La plastica negli oceani è un problema che va avanti da decine di anni e non sembra per niente migliorare. Si tratta di una fonte di inquinamento spaventosa che mette a serio rischio la vita della fauna marina e conseguentemente anche di quella che si nutre di quest’ultima come possono essere alcuni volatili e alcuni animali terrestri. Ormai non fa quasi più scalpore nel sentire che all’interno di pesci o cetacei sono stati trovati residui di questo inquinamento.
Un nuovo studio conclusosi recentemente ha preso in esame un altro aspetto di questo fenomeno ovvero di come le sostanze inquinanti presenti nei rifiuti di plastica incidano sulla riproduzione dei grandi cetacei come balene e orche. Queste sostanze sono note come endocrine-disrupting chemicals o EDCs.
Problemi alla fertilità
Un caso seguito a lungo dai ricercatori dietro questo studio è quello di un’orca chiamata Lulu. Nel tessuto adiposo dell’esemplare sono stati trovati livelli pericolosi di policlorobifenili, una sostanza bandita a livello globale nel 2004, pari a 975 mg / Kg; si tratta di un valore che supera di 100 volte quello della tossicità. Il risultato è che quest’orca risulta essere infertile e molto altre versano in questo stato ed entro un secolo la popolazione di questi esserei si dimezzerà secondo una previsione.

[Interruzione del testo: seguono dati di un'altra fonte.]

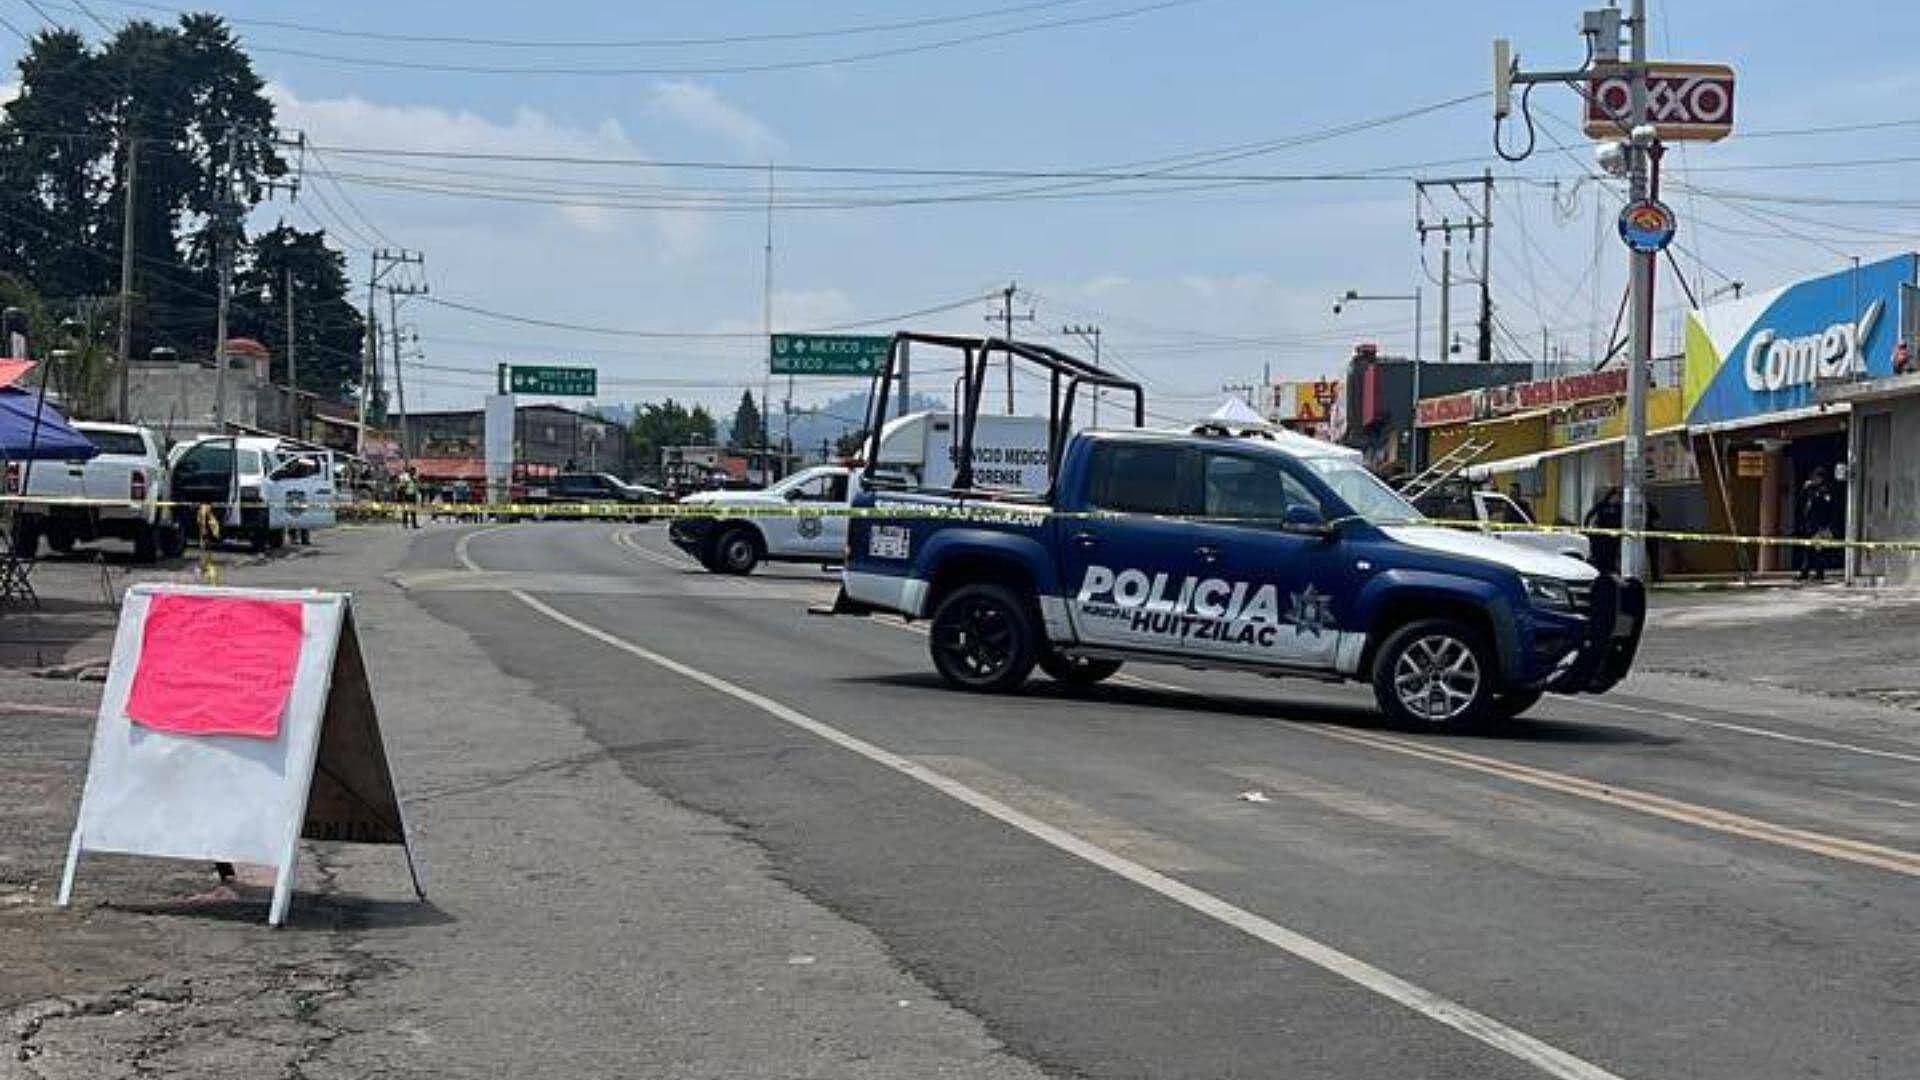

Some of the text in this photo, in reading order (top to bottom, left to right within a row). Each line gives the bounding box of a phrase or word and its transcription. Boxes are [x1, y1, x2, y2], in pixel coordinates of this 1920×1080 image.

Per sottolineare quanto queste sostanze risultino incisive sulla riproduzione, un gruppo di orche, un pod, che vive nelle acque al largo della Scozia occidentale non è stato in grado di produrre vitello negli ultimi 25 anni. Anche se questo particolare policrobifenile è stato vietato, la plastica buttata negli oceani è anche ora in circolazione e comunque ci sono molte altre sostanze chimiche i cui effetti sono sconosciuti su questo genere di animali.